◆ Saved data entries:
*****
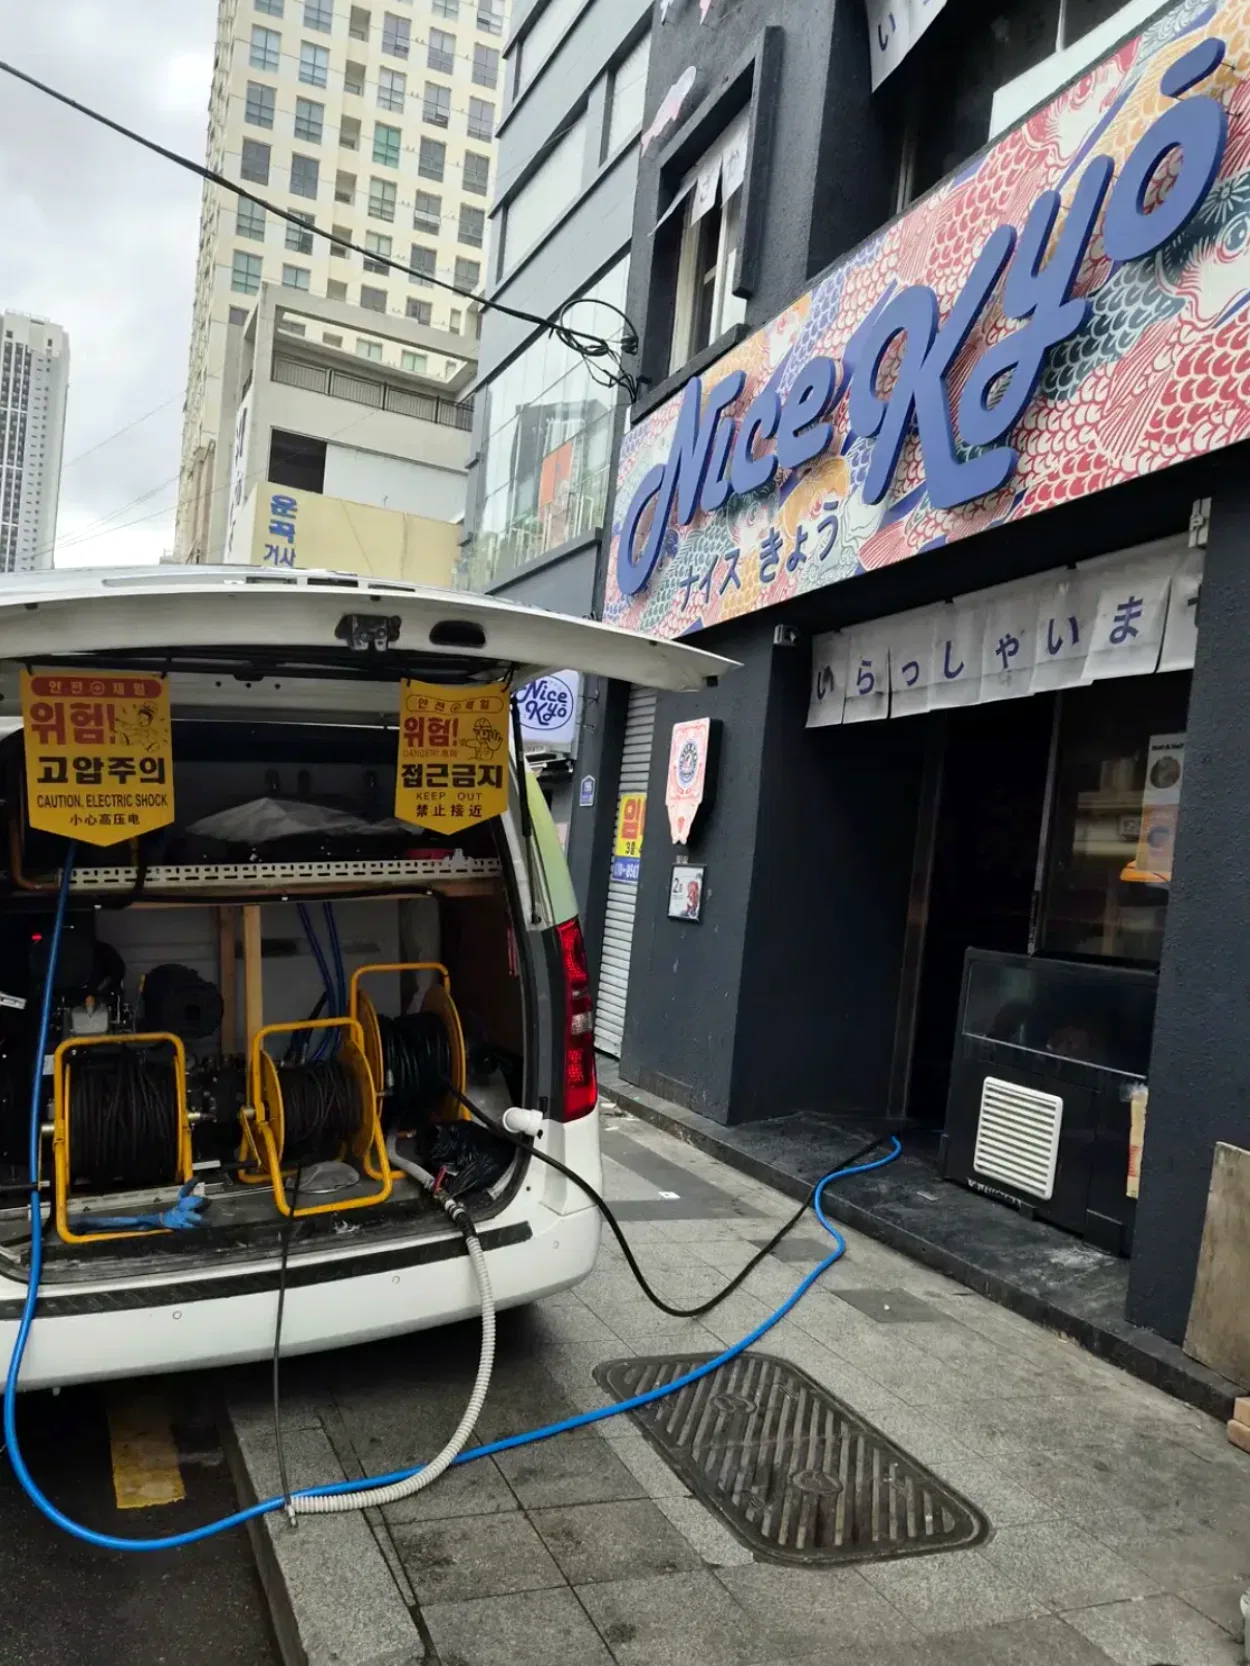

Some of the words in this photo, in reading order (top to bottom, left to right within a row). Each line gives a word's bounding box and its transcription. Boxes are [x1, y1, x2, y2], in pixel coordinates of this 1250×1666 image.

[616, 354, 845, 596] Nice
[680, 550, 741, 610] ナイス
[759, 502, 839, 583] きょう
[817, 595, 1200, 701] いらっしゃいま
[518, 679, 568, 703] Nice
[29, 702, 116, 745] 위험!
[403, 716, 459, 748] 위험!
[37, 756, 166, 785] 고압주의
[401, 763, 503, 789] 접근금지
[86, 793, 132, 808] ELECTRIC
[136, 793, 168, 807] SHOCK
[416, 791, 446, 800] KEEP
[457, 791, 483, 800] OUT
[70, 813, 140, 826] 小心高压电
[416, 803, 483, 818] 禁止接近
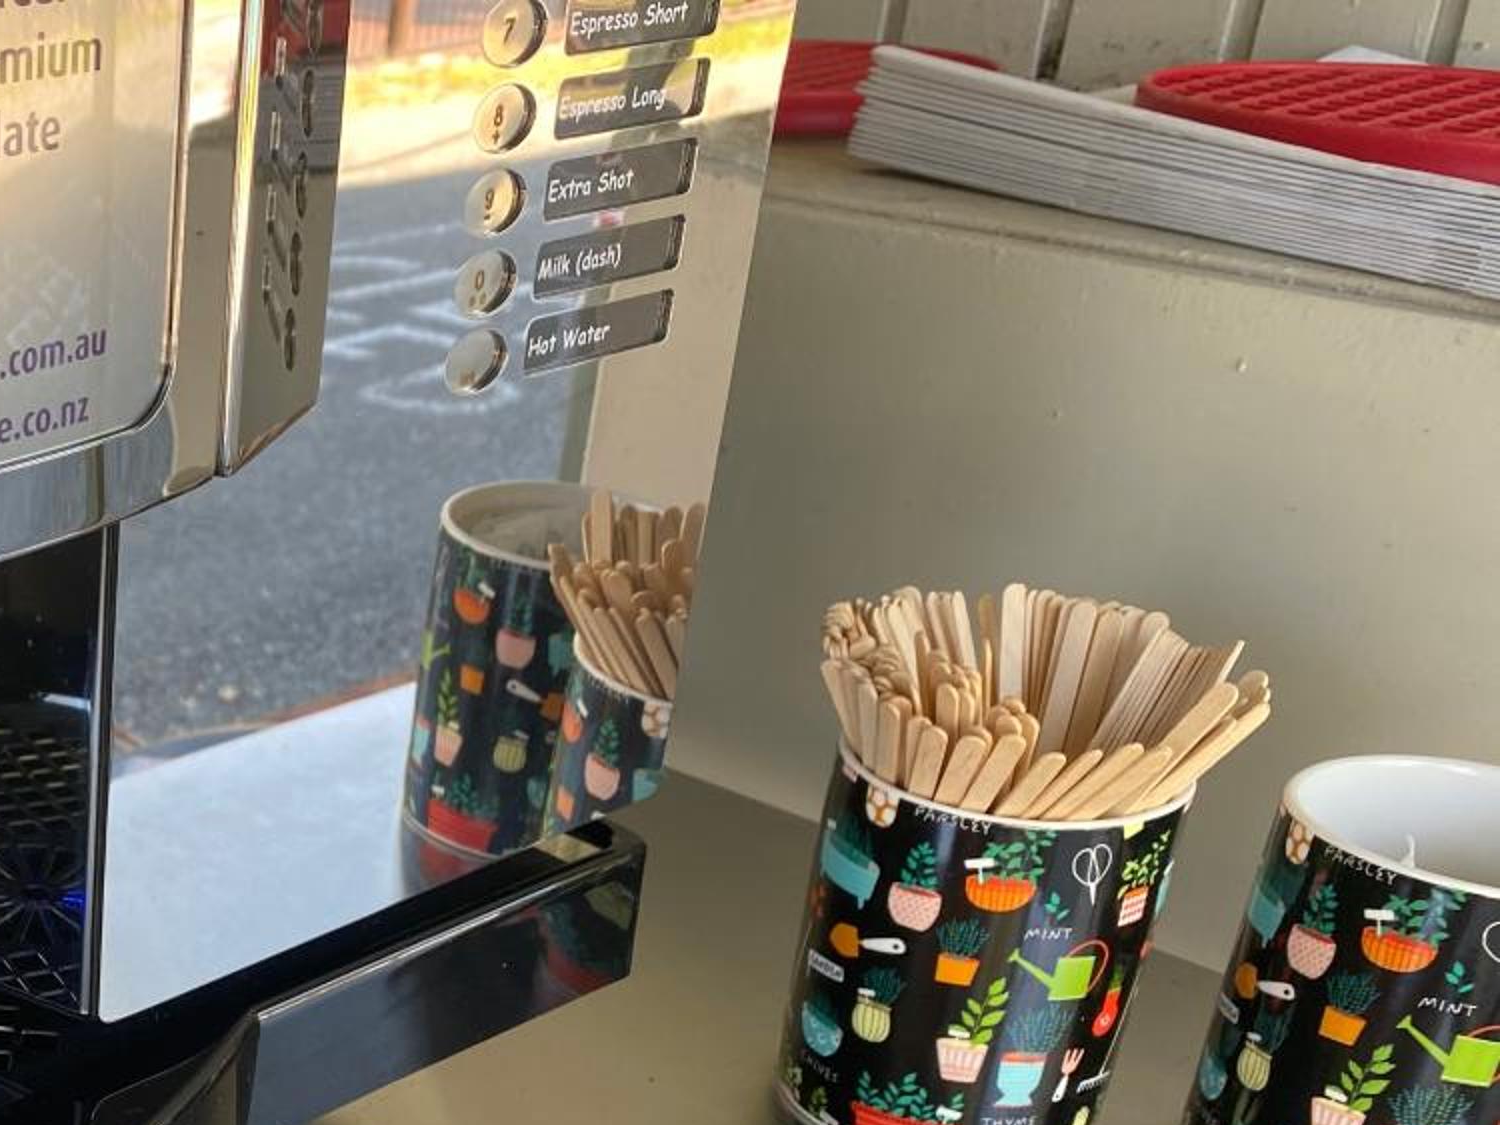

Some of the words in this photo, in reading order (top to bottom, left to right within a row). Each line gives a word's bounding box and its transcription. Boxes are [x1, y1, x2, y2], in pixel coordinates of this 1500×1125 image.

[504, 17, 517, 45] 7
[570, 10, 638, 40] Espresso
[643, 1, 689, 26] Short
[493, 104, 503, 126] 8
[558, 94, 627, 124] Espresso
[631, 85, 667, 112] Long
[485, 187, 495, 210] 9
[548, 178, 592, 203] Extra
[598, 168, 634, 195] Shot
[537, 252, 571, 281] Milk
[575, 243, 623, 276] (dash)
[527, 335, 556, 358] Hot
[563, 324, 611, 349] Water
[914, 805, 992, 836] PARSLEY
[1323, 843, 1400, 886] PARSLEY
[1023, 926, 1073, 941] MINT
[1417, 995, 1479, 1018] MINT
*****
Would you write out each record above exactly, with no images?

◆ Exercise response:
Some of the words in this photo, in reading order (top to bottom, left to right within a row). Each line gives a word's bounding box and its transcription. Boxes are [x1, y1, x2, y2], in pixel coordinates of this 1250×1666 image.

[616, 354, 845, 596] Nice
[680, 550, 741, 610] ナイス
[759, 502, 839, 583] きょう
[817, 595, 1200, 701] いらっしゃいま
[518, 679, 568, 703] Nice
[29, 702, 116, 745] 위험!
[403, 716, 459, 748] 위험!
[37, 756, 166, 785] 고압주의
[401, 763, 503, 789] 접근금지
[86, 793, 132, 808] ELECTRIC
[136, 793, 168, 807] SHOCK
[416, 791, 446, 800] KEEP
[457, 791, 483, 800] OUT
[70, 813, 140, 826] 小心高压电
[416, 803, 483, 818] 禁止接近

Some of the words in this photo, in reading order (top to bottom, left to right within a row). Each line gives a word's bounding box and its transcription. Boxes are [x1, y1, x2, y2], in pixel coordinates of this 1500×1125 image.

[504, 17, 517, 45] 7
[570, 10, 638, 40] Espresso
[643, 1, 689, 26] Short
[493, 104, 503, 126] 8
[558, 94, 627, 124] Espresso
[631, 85, 667, 112] Long
[485, 187, 495, 210] 9
[548, 178, 592, 203] Extra
[598, 168, 634, 195] Shot
[537, 252, 571, 281] Milk
[575, 243, 623, 276] (dash)
[527, 335, 556, 358] Hot
[563, 324, 611, 349] Water
[914, 805, 992, 836] PARSLEY
[1323, 843, 1400, 886] PARSLEY
[1023, 926, 1073, 941] MINT
[1417, 995, 1479, 1018] MINT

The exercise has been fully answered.